The first outing of the Lot Whitcomb was a pleasure expedition to Astoria. There was a problem running her on the Columbia River, and that was that she still had creditors that hadn't been paid who had an interest in the vessel. American law did not then allow a vessel to operate without a certificate and a certificate could not be lawfully issued if creditors had unpaid claims against the vessel. Worse yet, the official in charge of enforcing this law was the Astoria customs inspector, General Adair, who was a co-owner the Columbia, the only other steamboat on the Columbia River at the time, and as such the chief rival of Lot Whitcomb. More stock was sold to pay off the ship's debts, and regularized operations were finally able to begin.

Lot Whitcomb ran twice weekly on the route from Milwaukie to Astoria, making the run in 10 hours, a substantial improvement over the previous time set by the Columbia which was 24 hours. Columbia charged $25 fare for the run from Portland to Astoria, but under pressure from Lot Whitcomb was forced to drop this first to $15 per person, and later to $12. For a while, the owners of Lot Whitcomb as Milwaukie boosters, refused to stop at Portland. Portland's city founders retaliated by raising $60,000 and then buying the Gold Hunter, an actual ocean-going vessel, to come north to the Columbia River, where she ran for about a year against the Whitcomb. Shortly after launching, Lot Whitcomb struck a rock near Milwaukie, sustained damage to her paddle wheel and a hole in her hull. The vessel was hung up for a week until her owners and the resourceful Captain Ainsworth were able to pull her off and repair her. She also functioned well as a tow boat, escorting many oceangoing ships from Astoria up the Columbia and Willamette rivers to Portland.

Lot Whitcombs agent in Oregon City was George Abernethy a former territorial governor of Oregon and a prominent early pioneer businessman.

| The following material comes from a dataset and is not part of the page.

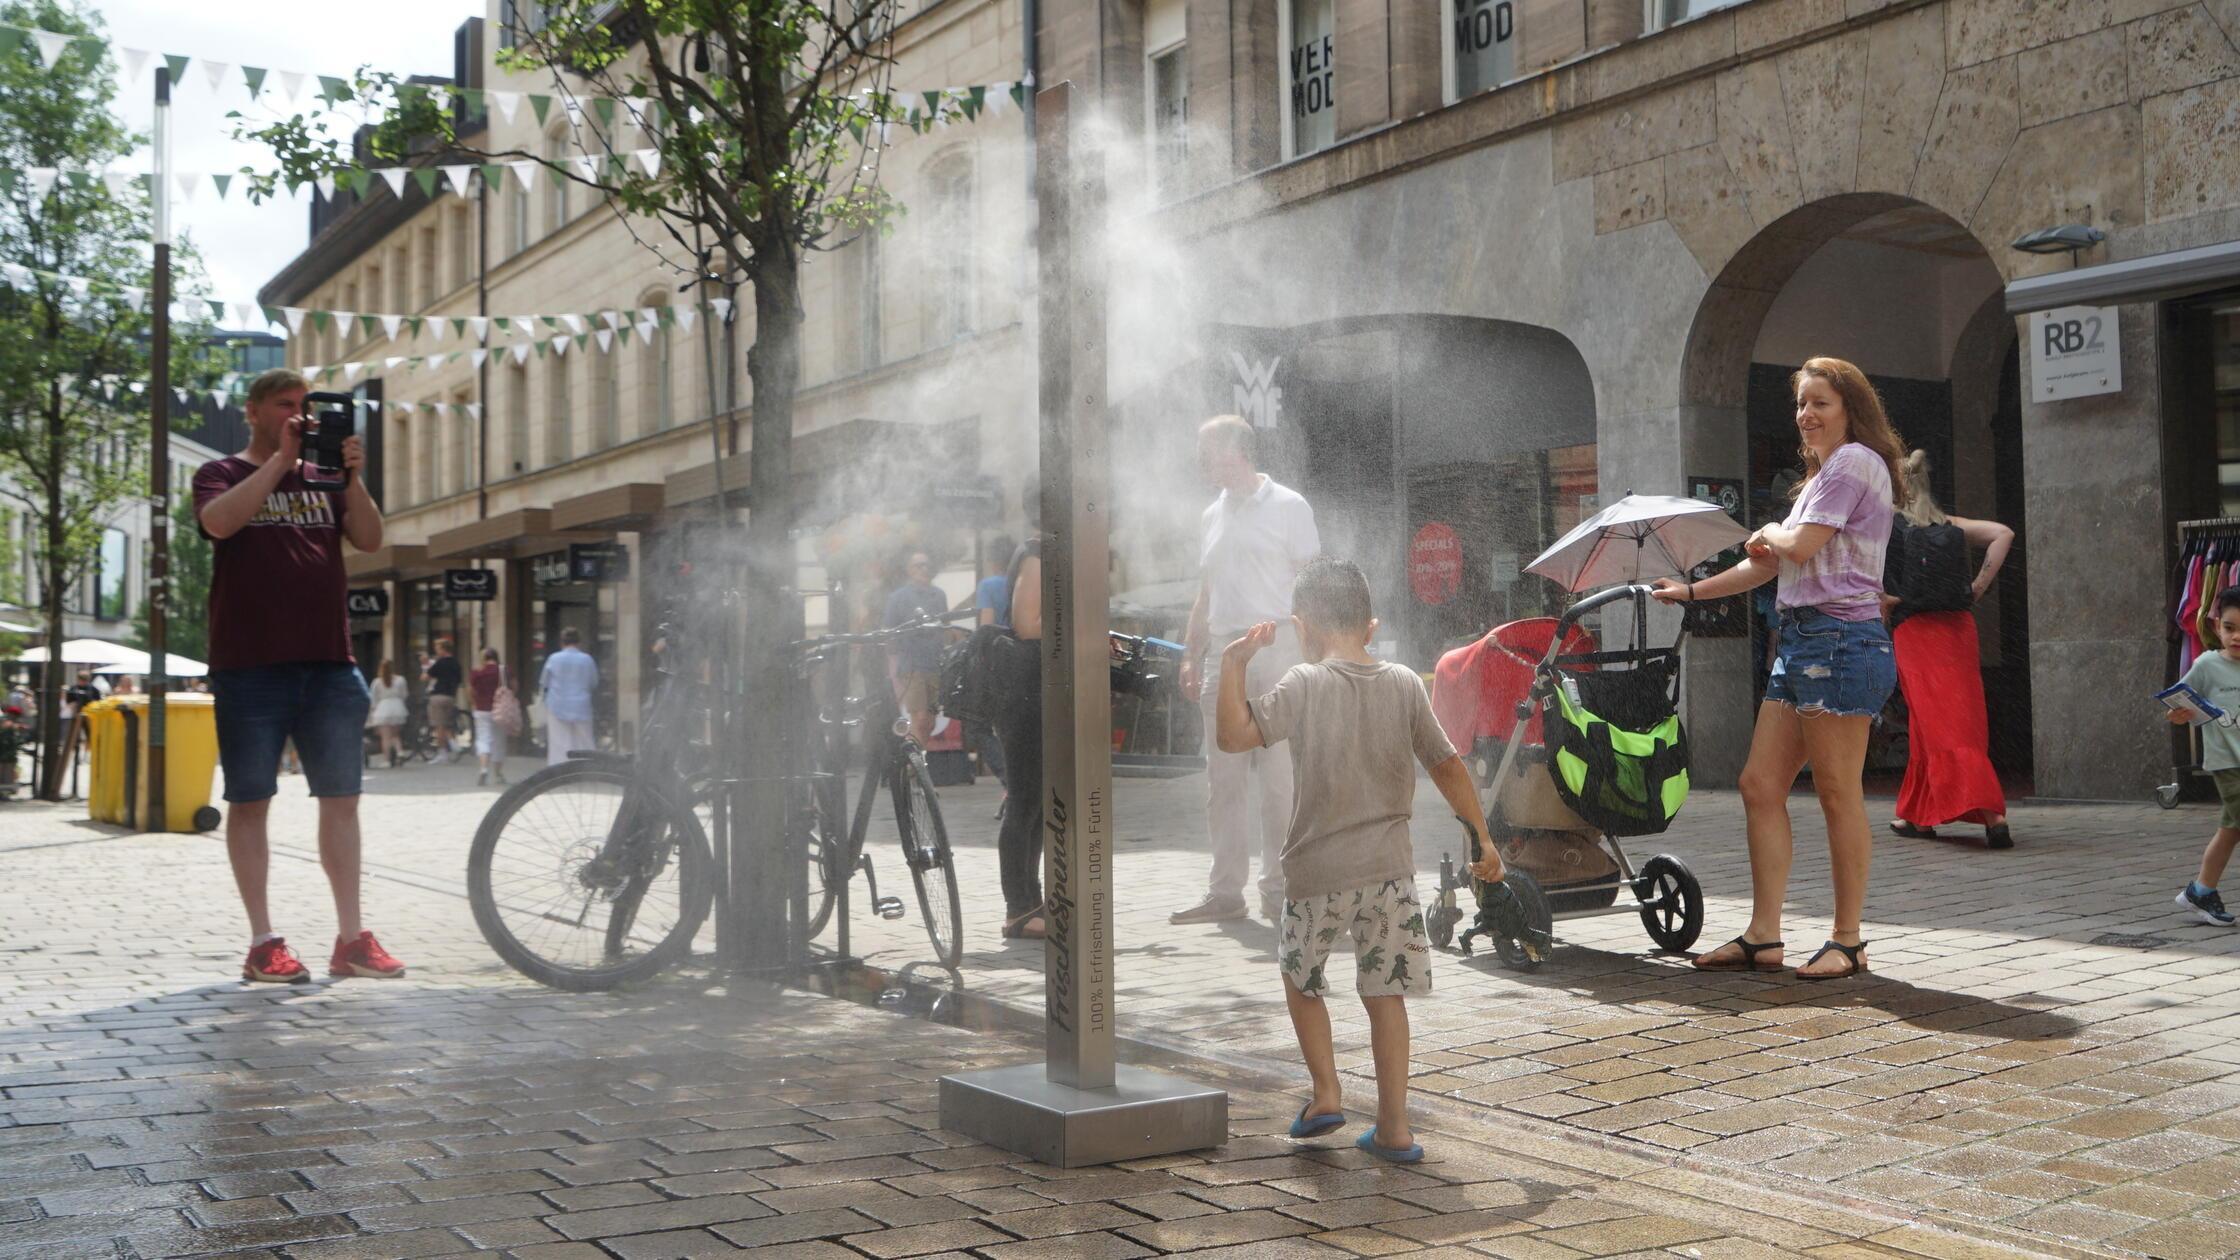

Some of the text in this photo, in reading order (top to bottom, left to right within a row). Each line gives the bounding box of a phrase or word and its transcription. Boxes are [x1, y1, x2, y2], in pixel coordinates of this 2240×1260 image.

[1456, 1, 1513, 53] MOD
[2044, 316, 2105, 356] RB2
[1231, 351, 1282, 428] WMF
[1088, 786, 1105, 1033] 100% Erfrischung. 100% Fürth.

==Transfer to California==
Lot Whitcomb proved expensive to operate, so a decision was made to sell her to the California Steam Navigation Company. On August 12, 1854, the famous Columbia Bar pilot Captain George Flavel took her out into the Pacific Ocean. The steamship Peytonia towed her down to San Francisco. Captain Ainsworth went along on the trip, which encountered rough weather. By the time they reached San Francisco, Lot Whitcomb had three feet of water in her hold. Once in California, Lot Whitcomb was pumped out, renamed Annie Abernathy and ran until 1868 on the Sacramento River.